Paying for College: Work-Study

“You can’t go there. It’s too expensive. Looks like you’re going to community college.”

Work-studies will take into account your schedule for school. (photo by jurvetson)

The words ring in my ears like it was yesterday. In fact, it was. It is not that community colleges are poor choices; they are actually great choices, however, when presented with your dream school versus a community college, of course one is going to feel heartbroken. Therefore, it is necessary that I weigh all my options to go to the college of my dreams. One of the options you may consider is the option of participating in a work-study. Please take note that there are other methods of paying for college, as depicted in this previous post.

Work-studies are a great way to help pay for college. Often, work-studies take place at your school, where they will pay for parts of your education in exchange for your work in the occupation they assign you. However, they don’t necessarily have to be in the standard location, esp. libraries, tours, etc… They may be off campus, depending on who is paying for your education.

Work-studies are given by need and merit. To be eligible for a work-study, you must fill out a FAFSA form. From there, they will alert you if you are able to participate. Your financial situation and your dependence/independence on parents can stifle or help you in being accepted for the opportunity.

Work-studies are not recognized by the government as income, as told by collegedata.com, therefore, ┬áit does not hinder your eligibility for financial aid.
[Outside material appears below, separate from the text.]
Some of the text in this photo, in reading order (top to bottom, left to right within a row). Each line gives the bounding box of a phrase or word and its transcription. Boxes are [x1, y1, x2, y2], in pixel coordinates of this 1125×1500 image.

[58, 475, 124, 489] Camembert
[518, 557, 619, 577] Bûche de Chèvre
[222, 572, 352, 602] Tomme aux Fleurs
Your salary, though not recognized as income, still has to follow the minimum wage requirements set by law. Isn’t that great news?

Although they are great options, if available, you must be able to qualify for work-study participation as well as checking with your school to ensure that they even allow for work-study jobs. Again, they are not freely given.

As with any school-related financial situation, there are limitations on your work-study. You are only able to work the minimum hours set by your Federal Work-Study award. These hours usually vary from ten to fifteen per week. They will also consider your class schedule and academic progress in setting your work hours up! It is important to ensure you are balancing work and school to ensure that you are reaping the benefits available.

As you can see from the descriptions above, work-studies can be great tools to help one pay for their education. These days, everyone is looking to take as much money as they can. College is, for most, just too much of a financial burden on families. Take advantage of everything that you can to ensure that you are not piling debt on debt to pay for your education.

I must warn, however, do not stop here! Always, always, always be looking to grow yourself financially so that you can acquire an education, reap the benefits, and come out of college with a minimum amount of debt!